生物质谱

不知道各位做DEAE-纤维素层析是怎么做的啊，我的蛋白等电点7.2，分子量30k作用，用葡聚糖凝胶层析没分开，现在想用DEAE-纤维素做下，看到书上说缓冲液选择，阴离子交换剂用tris缓冲液，阳离子交换剂用磷酸缓冲液，并且阴离子交换剂用磷酸缓冲液影响还很大，可很多文献依然是用ph7.8的50mmol的磷酸缓冲液，不知道什么情况，有的文献还用含有100 mmol／L NaCl的磷酸缓冲液(10 mmol／L，pH 6．1)进行一步洗脱，现在都不知道用哪个好了，请教各位我的这个蛋白应该选用什么样的纯化条件呢？

等电点7.2算是中性的，对于阴离子交换层析来说，你选用TRIS-HCL就行了，可以用8.5或者9.0的pH体系。你最好别用7.8，这与你的等电点只差0.6，不一定能吸附得好，最好是差别有1个单位，就是8.2以上的。蛋白质带的表面比净电荷越多，吸附得越强，要使用氯化钠的浓度越高才能洗脱，你如果选用7.8，那么不单只吸附不好，还比较容易洗脱下来，可能有点难与其它蛋白质分开。
缓冲系统所用的盐也是有离子强度的，所以不能选用浓度太大。20mM TRIS-HCL 的电导率大概为1.5%，你别用太高了。样品里的盐也最好去除得比较干净，因为如果盐浓度太高，会使得离子强度高，蛋白质没有被吸附就已经被洗脱了，吸附不上的。

对于一种蛋白，就是说是中性蛋白，等电点是7.4或者说就是7.2，你如何确定是用阴离子交换层析还是阳离子交换层析了？

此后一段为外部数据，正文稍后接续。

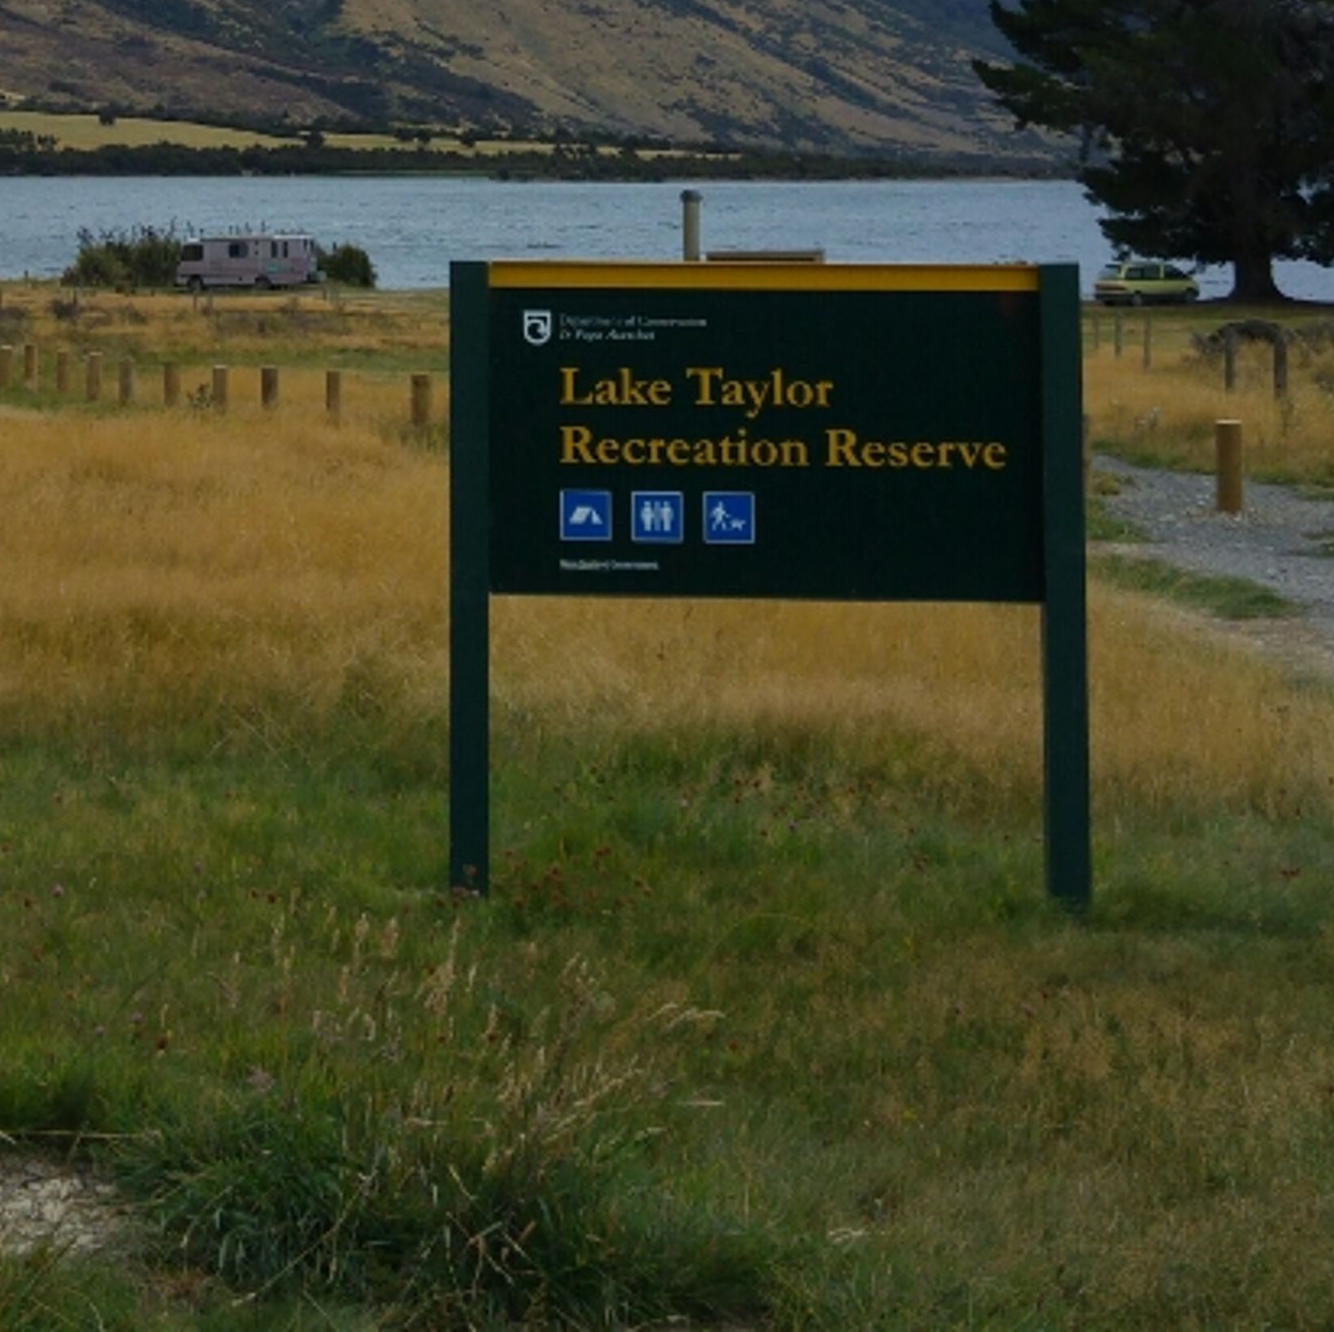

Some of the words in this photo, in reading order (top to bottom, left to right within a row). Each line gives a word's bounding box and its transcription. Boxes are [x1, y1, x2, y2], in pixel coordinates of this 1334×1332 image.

很简单，楼主的蛋白质是阴阳离子交换层析都可以。但在这里，楼主使用的DEAE纤维素是弱阴离子交换层析柱填料，所以我就说说阴离子交换层析，不说阳离子交换层析。我建议楼主选用pH8.2-9的层析体系是基于楼主提供的填料。

那也就是说一种中性蛋白，其实就是阴离子交换层析和阳离子交换层析都可以的啦，但是选择到底是用那一种填料时是否有什么需要参考的因素，当然啦这个pH除外，就是说选择这两种填料时的pH都合适时我该怎么选择用何种填料了？

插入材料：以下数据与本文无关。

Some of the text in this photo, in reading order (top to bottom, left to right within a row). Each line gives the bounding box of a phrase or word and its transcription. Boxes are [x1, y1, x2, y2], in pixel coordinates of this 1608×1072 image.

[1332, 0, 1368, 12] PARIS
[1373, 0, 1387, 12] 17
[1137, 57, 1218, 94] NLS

就看你有什么填料或者层析柱，就用什么层析，看菜吃饭。要是效果达不到纯，就买别的。只能是试，如果不是数据足够，就不能分析出该用哪种的。

二位讨论的很好，谢谢了，再弱弱的问下，我的酶液大概100ml，怎么浓缩啊？酶液太稀了，上柱子跑不集中，昨天用聚乙二醇浓缩了下，不知道是操作不对还是真的不行，酶失活了！！！用超滤的话料液太少，不知道该怎么办好了.....

看来跟我想的是一样的，呵呵，起初我以为有什么好的选择方法，但是一直没有在有关的书籍或文献中看到有关的内容，所以就想问问你看看有没有什么方法，谢谢啦！

你用聚乙二醇浓缩是在4度吗？如果不是的话可能会影响。再就是这个聚乙二醇对你的酶有没有影响，如果有影响而你因为操作的原因让聚乙二醇进去的话也是一种可能性，我前段时间也是因为操作失误的原因，实验结果一直出问题，做了半年才找到原因。如果还是不行的，如果有条件可以考虑用超低温冷冻干燥。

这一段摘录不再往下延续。